Protecting a high value C# application with only one user

Question

I have a single application -- written in C# -- which is used by only one user. I provide this software for a very high monthly fee (> $10,000). I'd like to protect this application against use by any other user and I'd like to be able to stop the one user from using the application if they stop paying the license fee.

I know that there is no perfect protection scheme, and I've reviewed the many similar questions on SO, but my question is a little different because I have only one client, I have full access to their hardware, and I don't mind taking even a few hours per installation for a substantial increase in security.

Answer 1

For 10K/month you could afford to run it on your hardware, which you administer, instead of on their hardware. You could put your hardware in a datacentre, to which they don't have physical access.

---

The hardware must be run on hardware at the customer's site.

So, I guess they're sensitive about where their data is located.

There are many 3rd-party licensing solutions (for example, Infralution, .Net Reactor, Oreans WinLicense, Armadillo, XHEO DeployLX, and presumably many more). If you're interested in Microsoft's own solution, see InishTech here and here.

Answer 2

The best solution is probably a combination of popular tactics in use today:

Lock the application down

…to the MAC address, hard drive serial number, and windows product key of the host operating system (if available). You could hard-code this into the application after gathering it at the site. If the wrong hardware is detected then shut it down. Also, look for items in the registry that suggest the presence of VMware or Virtual PC integration features and refuse to run when found.

Obfuscate

…so it will be more difficult to reverse-engineer as well as remove your licensing.
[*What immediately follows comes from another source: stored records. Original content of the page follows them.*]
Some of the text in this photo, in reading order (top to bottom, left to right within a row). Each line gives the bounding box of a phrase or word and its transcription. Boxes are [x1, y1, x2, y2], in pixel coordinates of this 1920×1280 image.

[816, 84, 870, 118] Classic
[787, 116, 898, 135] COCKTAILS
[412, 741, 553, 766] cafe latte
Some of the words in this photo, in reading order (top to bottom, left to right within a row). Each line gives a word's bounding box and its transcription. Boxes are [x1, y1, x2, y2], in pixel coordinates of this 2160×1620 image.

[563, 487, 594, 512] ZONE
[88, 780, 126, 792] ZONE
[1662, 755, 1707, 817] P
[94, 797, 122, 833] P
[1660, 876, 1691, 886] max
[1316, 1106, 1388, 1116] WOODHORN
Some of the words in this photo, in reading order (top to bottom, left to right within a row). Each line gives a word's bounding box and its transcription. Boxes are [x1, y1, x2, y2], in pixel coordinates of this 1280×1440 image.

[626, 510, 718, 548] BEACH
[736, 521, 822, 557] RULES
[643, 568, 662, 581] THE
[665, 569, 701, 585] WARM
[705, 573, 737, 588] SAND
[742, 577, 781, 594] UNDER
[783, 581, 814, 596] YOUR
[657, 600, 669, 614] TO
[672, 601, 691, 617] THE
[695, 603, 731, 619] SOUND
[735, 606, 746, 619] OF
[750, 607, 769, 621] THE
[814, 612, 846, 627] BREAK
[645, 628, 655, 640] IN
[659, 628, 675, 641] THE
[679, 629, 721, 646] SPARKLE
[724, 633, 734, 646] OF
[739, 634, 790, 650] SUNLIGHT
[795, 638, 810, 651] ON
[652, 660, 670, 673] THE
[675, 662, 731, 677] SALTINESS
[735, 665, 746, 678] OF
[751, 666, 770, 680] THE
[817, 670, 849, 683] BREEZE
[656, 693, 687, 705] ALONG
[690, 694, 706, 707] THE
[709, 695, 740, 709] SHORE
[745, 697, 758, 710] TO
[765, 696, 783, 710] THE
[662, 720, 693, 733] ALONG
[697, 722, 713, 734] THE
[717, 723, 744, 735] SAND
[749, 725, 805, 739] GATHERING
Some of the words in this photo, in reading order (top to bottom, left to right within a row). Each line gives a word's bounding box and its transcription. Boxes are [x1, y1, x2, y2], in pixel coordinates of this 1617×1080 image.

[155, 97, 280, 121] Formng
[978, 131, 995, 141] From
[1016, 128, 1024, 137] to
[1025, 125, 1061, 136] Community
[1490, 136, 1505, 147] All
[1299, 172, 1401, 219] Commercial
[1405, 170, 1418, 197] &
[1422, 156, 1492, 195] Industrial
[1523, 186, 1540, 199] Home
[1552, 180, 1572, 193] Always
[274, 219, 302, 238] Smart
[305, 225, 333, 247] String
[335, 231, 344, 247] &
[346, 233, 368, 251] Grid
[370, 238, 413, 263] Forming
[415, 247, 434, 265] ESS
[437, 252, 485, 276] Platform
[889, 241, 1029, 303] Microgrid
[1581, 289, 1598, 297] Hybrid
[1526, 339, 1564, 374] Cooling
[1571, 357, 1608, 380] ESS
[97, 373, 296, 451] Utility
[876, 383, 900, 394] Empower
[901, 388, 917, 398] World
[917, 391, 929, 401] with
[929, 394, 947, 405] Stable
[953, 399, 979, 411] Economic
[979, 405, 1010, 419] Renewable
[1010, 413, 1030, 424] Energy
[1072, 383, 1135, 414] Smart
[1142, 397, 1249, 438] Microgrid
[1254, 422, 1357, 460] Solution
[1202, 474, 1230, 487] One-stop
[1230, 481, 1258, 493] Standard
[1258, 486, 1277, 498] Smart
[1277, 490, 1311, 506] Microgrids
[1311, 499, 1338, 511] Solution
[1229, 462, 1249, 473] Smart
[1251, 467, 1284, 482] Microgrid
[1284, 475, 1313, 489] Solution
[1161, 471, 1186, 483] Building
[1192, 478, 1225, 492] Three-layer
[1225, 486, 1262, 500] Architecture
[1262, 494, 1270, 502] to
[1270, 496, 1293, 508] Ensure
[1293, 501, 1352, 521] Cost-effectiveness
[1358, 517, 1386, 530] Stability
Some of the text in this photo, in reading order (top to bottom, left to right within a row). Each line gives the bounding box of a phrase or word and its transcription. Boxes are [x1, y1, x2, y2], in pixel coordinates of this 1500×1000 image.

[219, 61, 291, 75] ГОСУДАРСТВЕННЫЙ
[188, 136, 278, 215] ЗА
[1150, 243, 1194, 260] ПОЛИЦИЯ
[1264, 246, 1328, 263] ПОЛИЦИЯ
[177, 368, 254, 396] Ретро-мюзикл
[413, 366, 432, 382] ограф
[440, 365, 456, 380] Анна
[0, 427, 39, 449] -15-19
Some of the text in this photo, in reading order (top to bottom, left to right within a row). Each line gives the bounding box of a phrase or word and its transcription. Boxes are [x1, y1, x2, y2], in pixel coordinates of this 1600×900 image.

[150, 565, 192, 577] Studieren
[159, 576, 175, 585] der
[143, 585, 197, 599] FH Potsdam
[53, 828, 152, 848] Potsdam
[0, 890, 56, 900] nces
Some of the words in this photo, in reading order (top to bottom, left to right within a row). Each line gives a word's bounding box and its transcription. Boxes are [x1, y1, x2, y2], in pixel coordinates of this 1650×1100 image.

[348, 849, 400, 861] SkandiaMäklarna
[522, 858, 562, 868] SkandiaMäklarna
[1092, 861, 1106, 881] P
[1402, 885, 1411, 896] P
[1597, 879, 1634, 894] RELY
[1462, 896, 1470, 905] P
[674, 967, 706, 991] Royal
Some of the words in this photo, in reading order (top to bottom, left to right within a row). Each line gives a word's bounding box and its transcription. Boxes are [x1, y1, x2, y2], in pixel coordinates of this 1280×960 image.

CIL is extremely easy to reverse-engineer so this should be a focus with your application (as described) no matter what else you do. This may take a lot of time to get right, especially if you rely on serialization. If possible, wrap all of your assemblies into one EXE file which is encrypted and has an unmanaged bootstrapper.

Send out a heartbeat

…to an offsite server, with hardware or site specific data. If the software is copied and started on another computer you may get a tip. This also has the potential to alert you if the application goes offline. Additionally, you could configure the application to require a basic encrypted response from your server or shut down.

One final note: don’t go overboard. Presumably, you are being paid $10,000 because of the experience of your application over possible alternatives (whatever those are). As you add in protective measures you increase the number of possible (very annoying) bugs, add maintenance cost, and headaches for your customer. A heavily disruptive licensing scheme could make your client think otherwise.